Killer Bee Governance
AHB has been in the US for over 20 years and a number of deaths have resulted from mass stinging incidents. Beekeepers, in the counties where AHB is present, have adapted their management techniques to this new bee by using more safety equipment, thicker bee suits and gloves to keep the stingers out, and by visiting hives more often to control swarming (a beekeeper does not want their bees to swarm as it reduces honey production). Governance strategies in the form of “Action Plans” were implemented by local and state officials, with the federal government and its agencies remaining non-committal to a comprehensive and universal plan of action for all states. But what has been learned in the last 50+ years? How do you control or manage something that flies? What strategies are in place today to manage the AHB in both the media and legislative circles? How has AHB forced responses from the human community?
My goal for this book is to explore different ways the Africanized honey bee has entered our imaginations—through news media, movies, novels—and has exercised its own agency as a species—through its colonization and territorialization practices via the swarm—and the response made by humans seeking to manage and control it.

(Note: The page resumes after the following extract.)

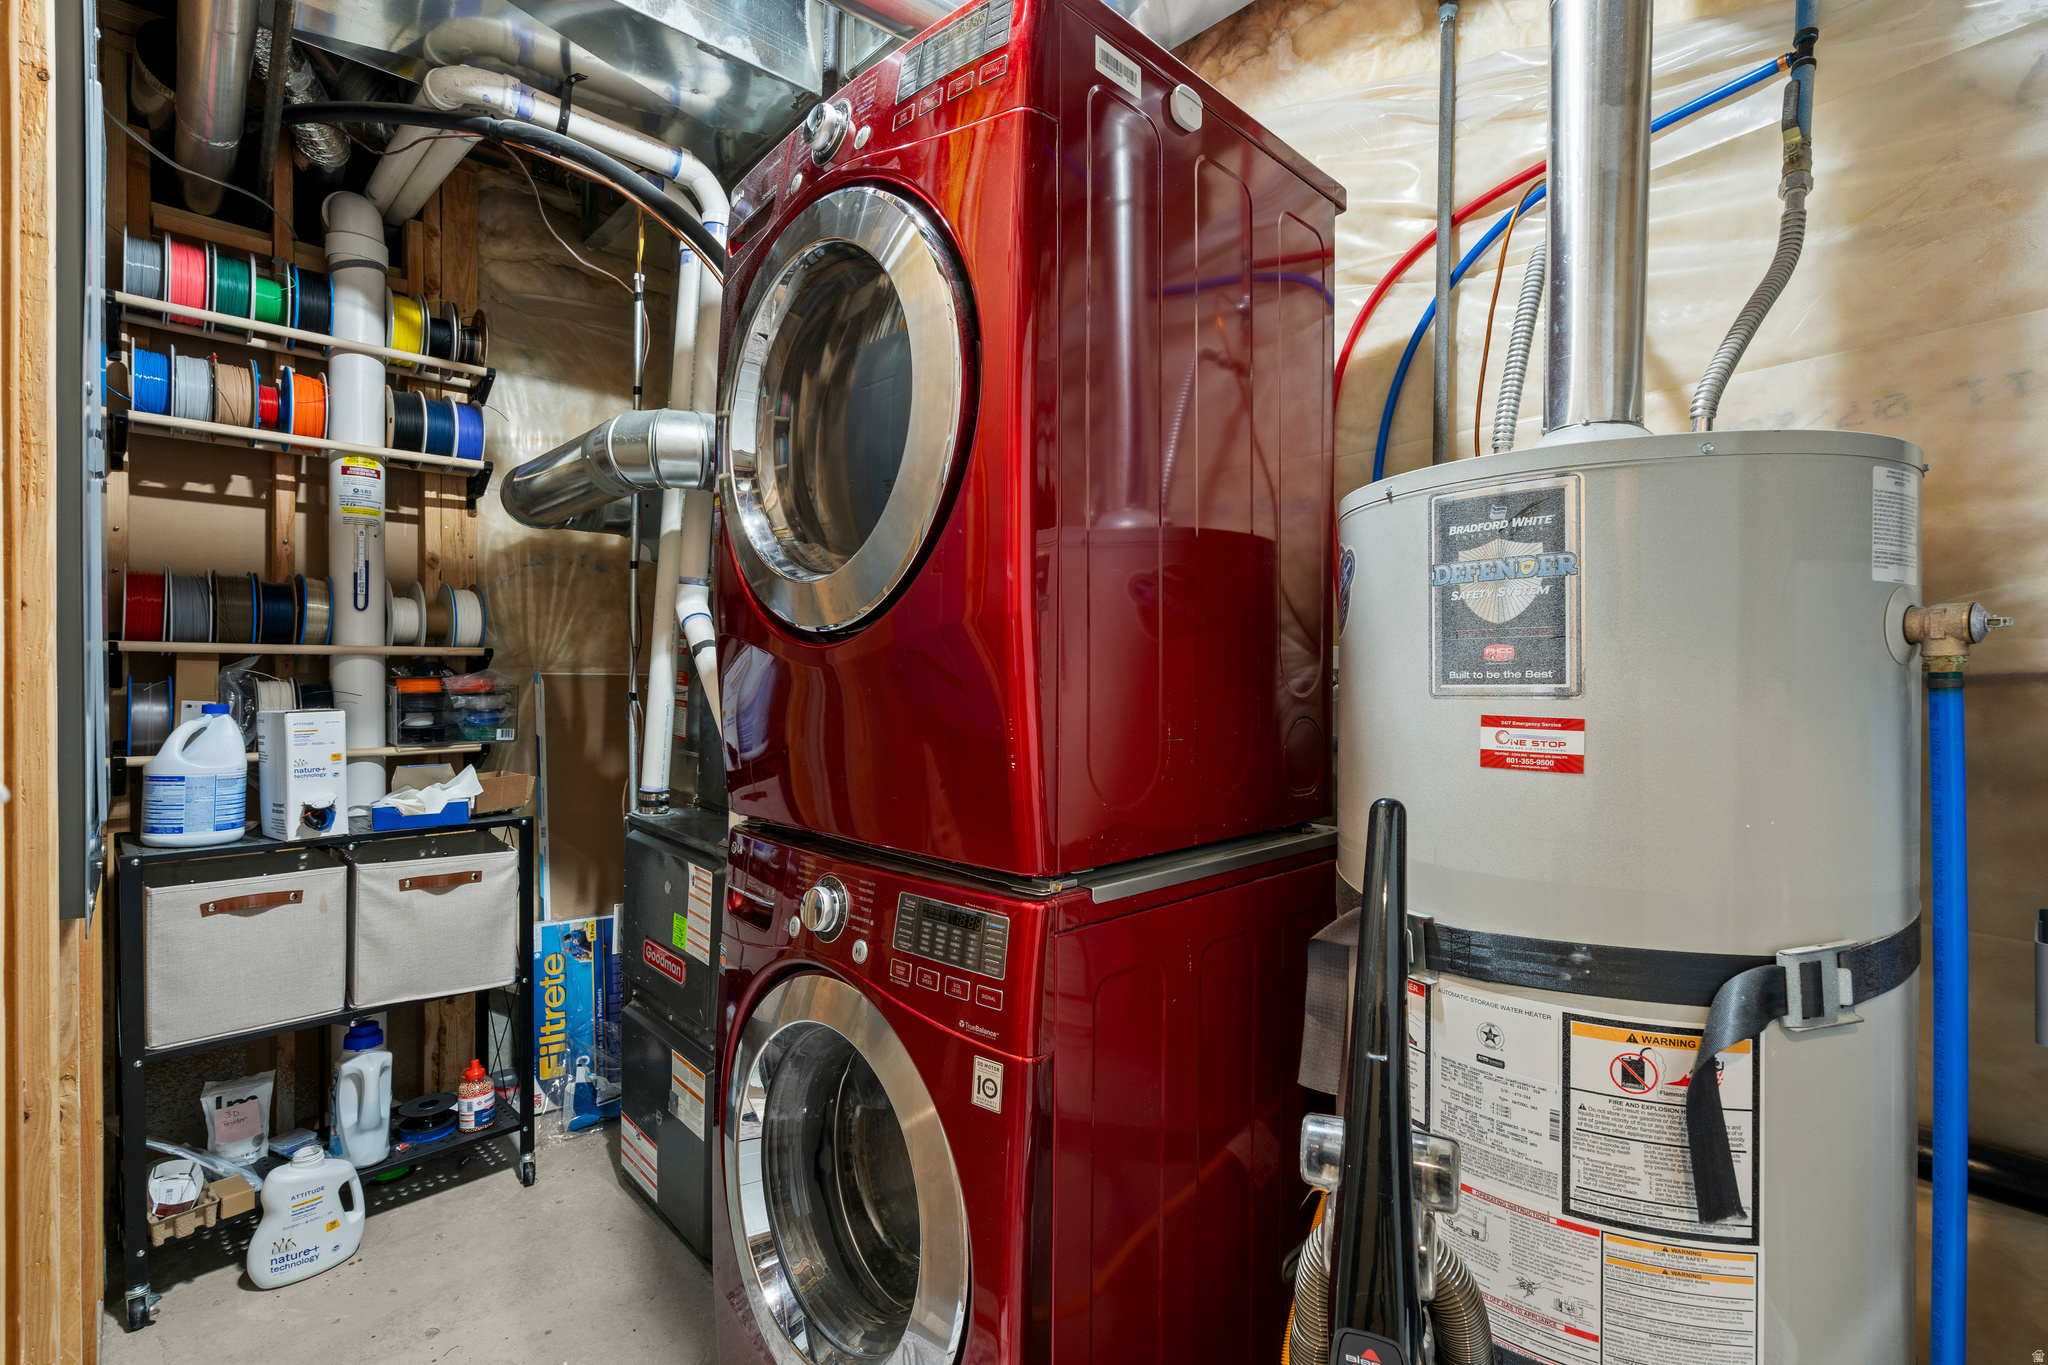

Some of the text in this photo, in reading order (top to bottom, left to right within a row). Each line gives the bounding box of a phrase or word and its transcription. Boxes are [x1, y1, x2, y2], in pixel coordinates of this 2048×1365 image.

When the State tries to manage the risk involved with the killer bee (as icon, as invasive, as a danger) what kind of knowledge—and whose knowledge—is privileged and who assumes the risk??
Focusing on the different forms of cultural production related to AHB, I am especially interested in analyzing how information emerging from research in the entomological sciences circulates through mainstream media and popular culture and how the language, narratives and images in those media register and promote a particular understanding of the science, and of AHB, that is steeped in (often misleading) cultural biases and assumptions.
The funds solicited will be used for travel expenses to and from multiple sites within the geography of killer bees, including: Tanzania, South Africa, Brazil, Paraguay, Argentina, Bolivia, Guyana, Venezuela, Panama, Costa Rica, Nicaragua, Honduras, El Salvador, Belize, Guatemala, Mexico, USA, Puerto Rico, etc... I will interview key actors in honeybee management in each of these countries and spend days in institutional archives tracking down the details that will go into a rich exploration of this sub-species of honey bee.